Every line below must come back exactly as it stands, with the images omitted.

——————————

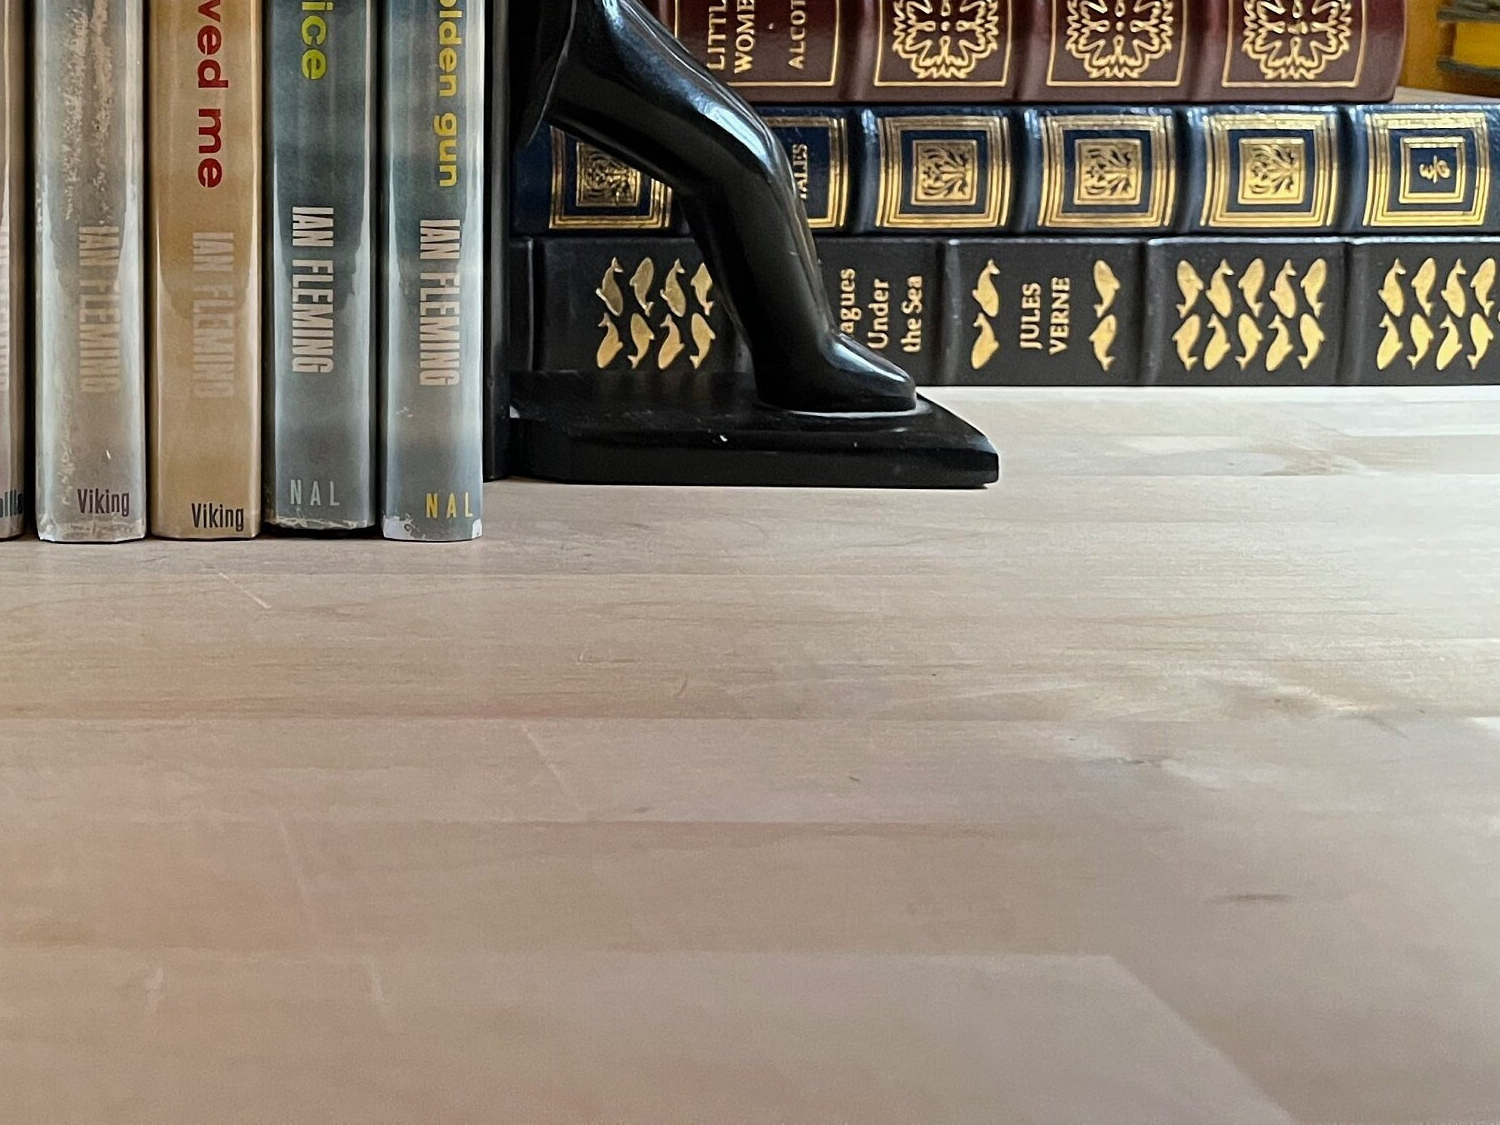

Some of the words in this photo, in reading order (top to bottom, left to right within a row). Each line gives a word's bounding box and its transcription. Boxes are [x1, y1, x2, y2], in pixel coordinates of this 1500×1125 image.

[198, 108, 222, 189] me
[433, 113, 458, 188] gun
[78, 226, 120, 266] IAN
[193, 232, 234, 272] IAN
[292, 207, 334, 247] IAN
[420, 220, 460, 260] IAN
[292, 259, 334, 373] FLEMING
[867, 278, 890, 350] Under
[901, 275, 923, 313] Sea
[1020, 282, 1043, 350] JULES
[1049, 276, 1071, 355] VERNE
[80, 279, 120, 393] FLEMING
[193, 285, 235, 398] FLEMING
[420, 273, 460, 385] FLEMING
[901, 318, 923, 354] the
[77, 488, 130, 517] Viking
[191, 503, 244, 531] Viking
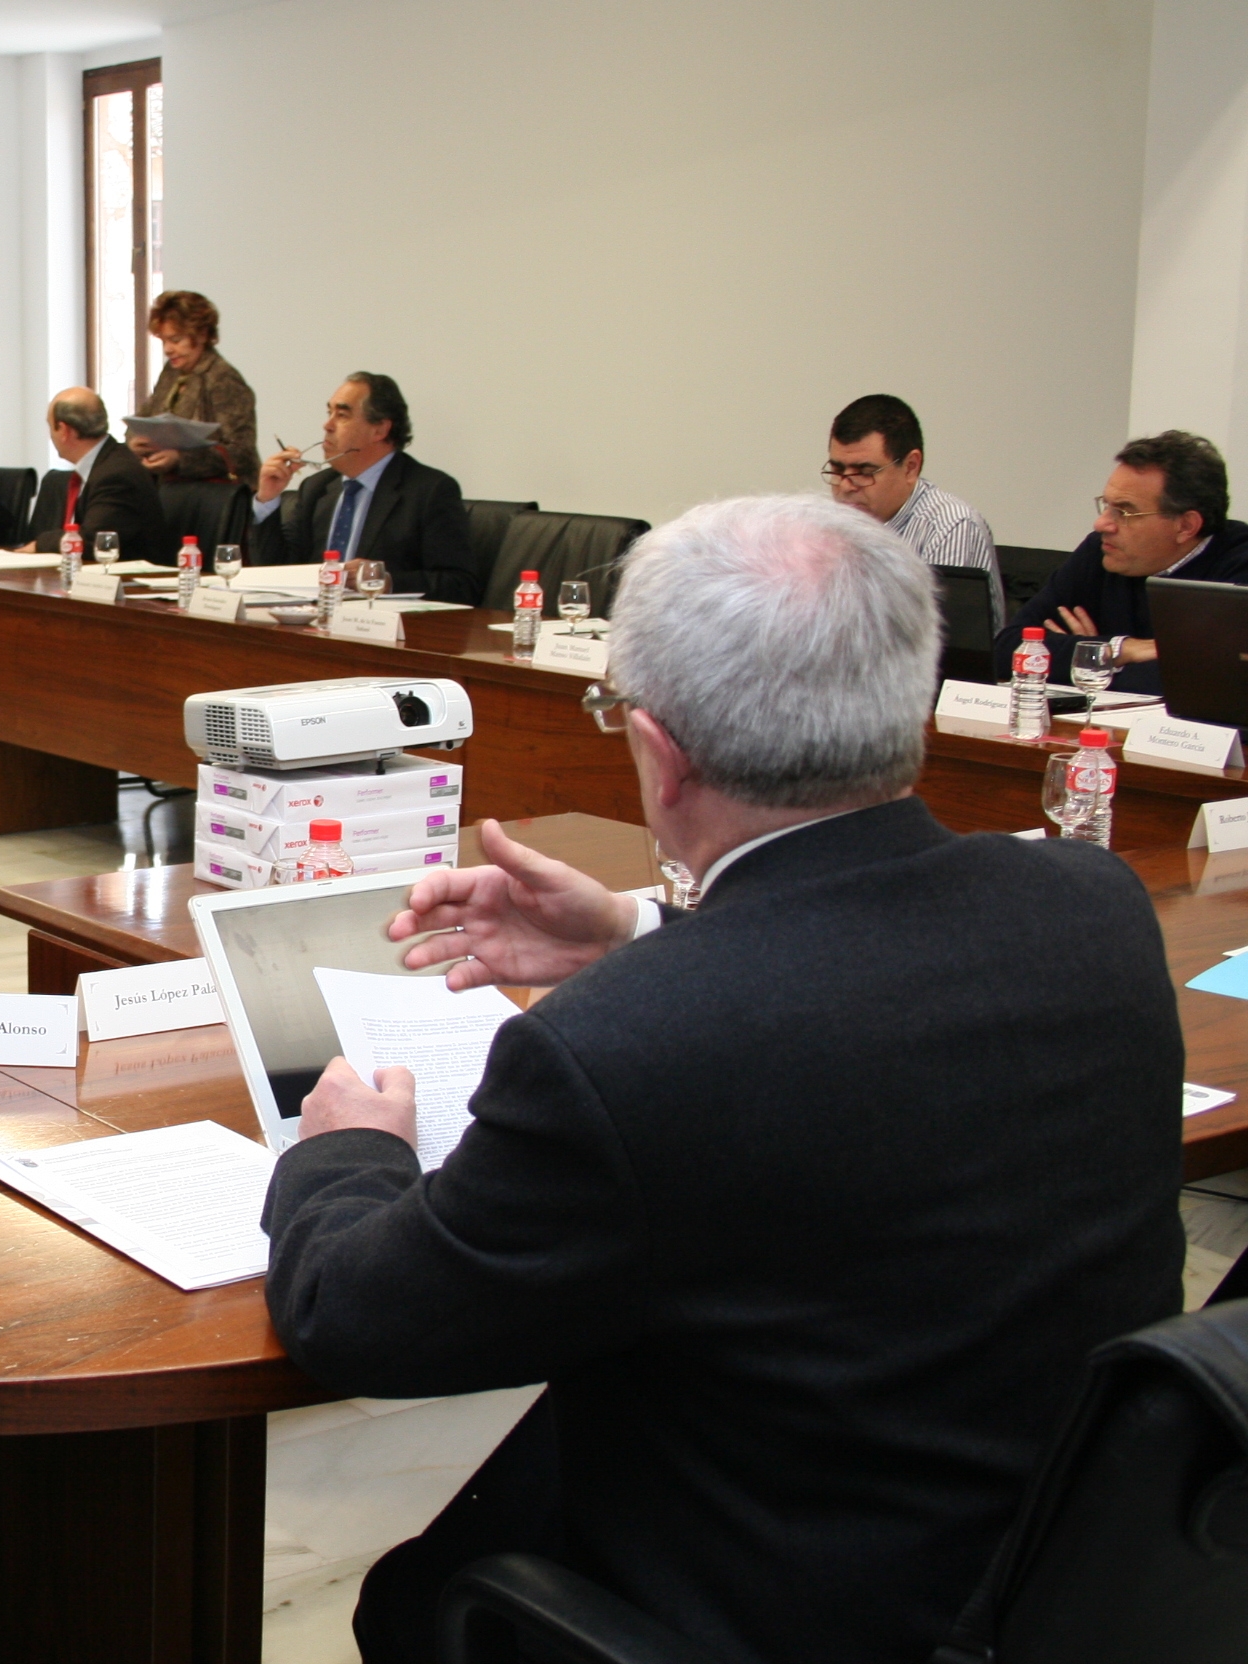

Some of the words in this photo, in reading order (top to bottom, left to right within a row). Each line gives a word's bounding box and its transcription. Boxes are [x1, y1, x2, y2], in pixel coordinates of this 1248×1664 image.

[301, 716, 327, 726] EPSON
[1159, 726, 1191, 739] Eduardo
[1148, 735, 1179, 748] Montero
[288, 798, 311, 808] xerox
[284, 839, 307, 849] xerox
[114, 992, 148, 1010] Jesús
[150, 989, 189, 1003] López
[191, 982, 218, 996] Pala
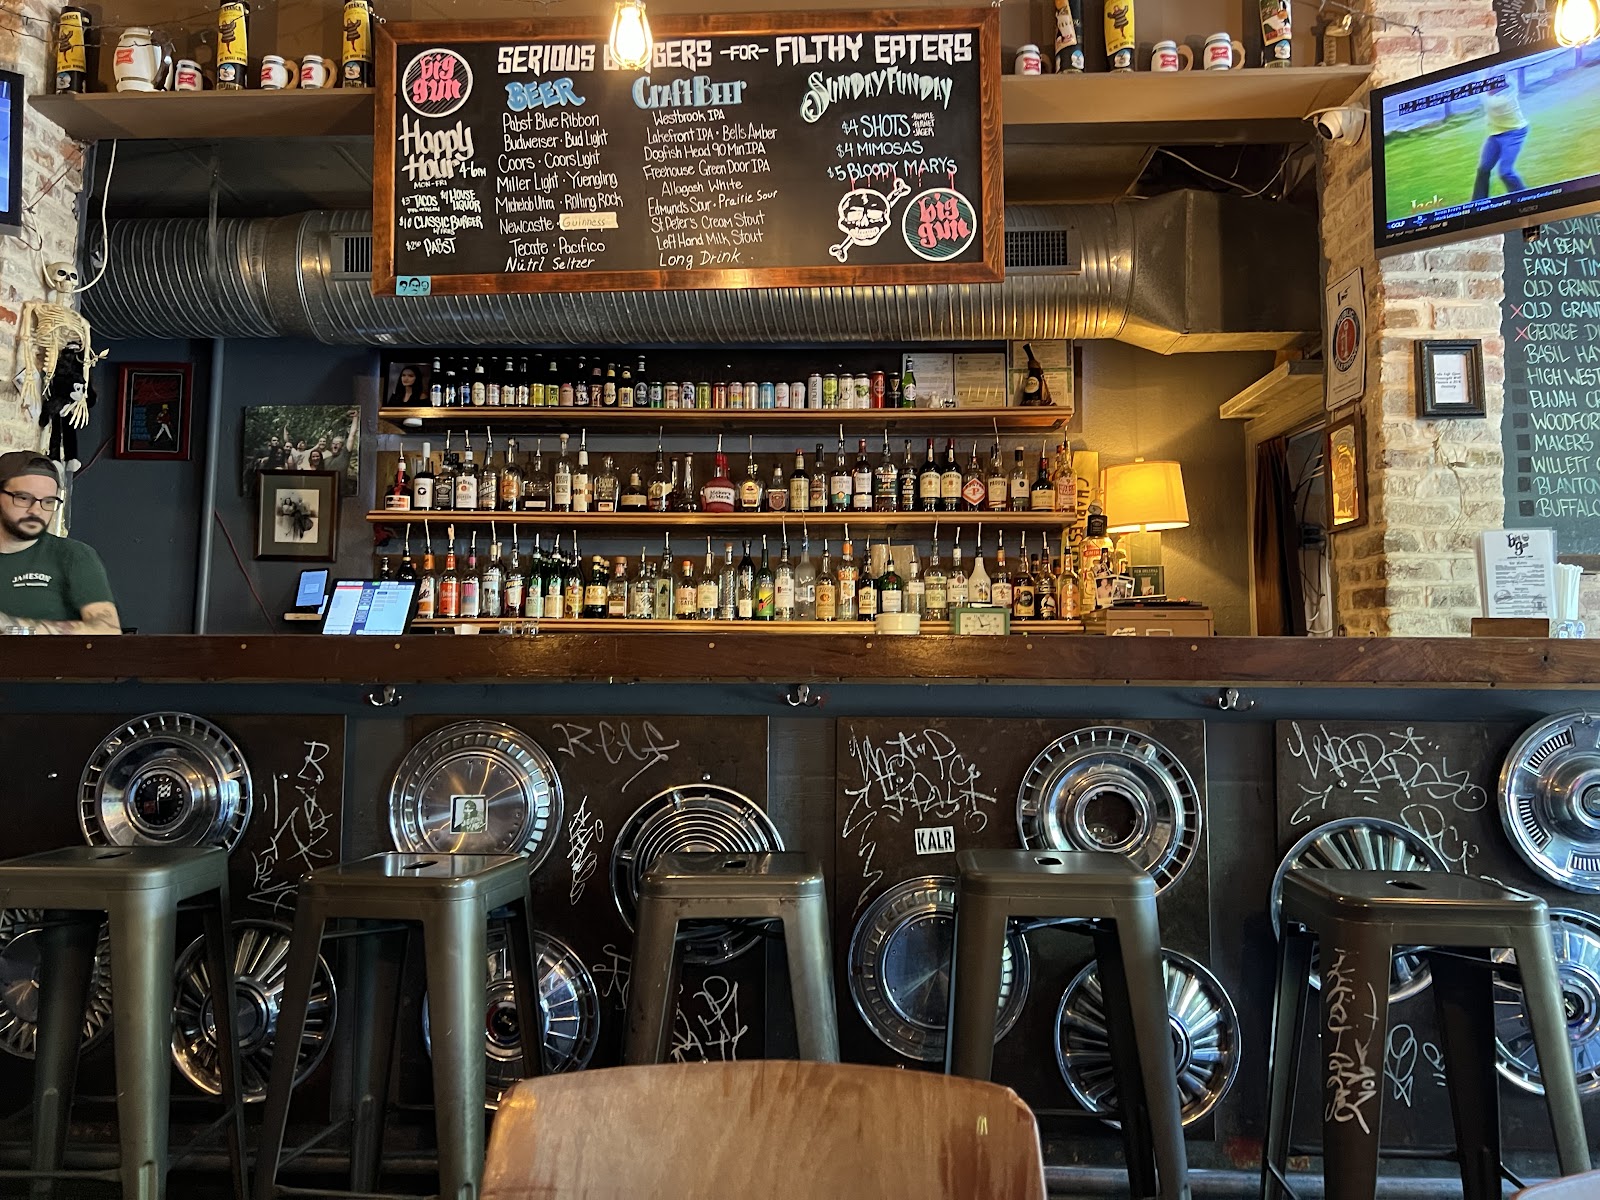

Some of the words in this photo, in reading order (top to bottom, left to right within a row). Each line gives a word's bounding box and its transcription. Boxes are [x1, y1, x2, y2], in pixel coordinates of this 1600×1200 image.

——————————

__Answer box__:
Some of the words in this photo, in reading order (top to bottom, left to right within a row). Each line gives a word's bounding box and its transcription. Boxes are [x1, y1, x2, y2], in pixel coordinates of this 1500×1125 image.

[198, 108, 222, 189] me
[433, 113, 458, 188] gun
[78, 226, 120, 266] IAN
[193, 232, 234, 272] IAN
[292, 207, 334, 247] IAN
[420, 220, 460, 260] IAN
[292, 259, 334, 373] FLEMING
[867, 278, 890, 350] Under
[901, 275, 923, 313] Sea
[1020, 282, 1043, 350] JULES
[1049, 276, 1071, 355] VERNE
[80, 279, 120, 393] FLEMING
[193, 285, 235, 398] FLEMING
[420, 273, 460, 385] FLEMING
[901, 318, 923, 354] the
[77, 488, 130, 517] Viking
[191, 503, 244, 531] Viking

Some of the words in this photo, in reading order (top to bottom, left to right within a row). Each line gives a word's bounding box and its transcription. Boxes are [x1, y1, x2, y2], in pixel coordinates of this 1248×1664 image.

[301, 716, 327, 726] EPSON
[1159, 726, 1191, 739] Eduardo
[1148, 735, 1179, 748] Montero
[288, 798, 311, 808] xerox
[284, 839, 307, 849] xerox
[114, 992, 148, 1010] Jesús
[150, 989, 189, 1003] López
[191, 982, 218, 996] Pala

Some of the words in this photo, in reading order (top to bottom, left to right within a row). Each line gives a word's bounding box and its transcription. Boxes are [x1, y1, x2, y2], in pixel coordinates of this 1600×1200 image.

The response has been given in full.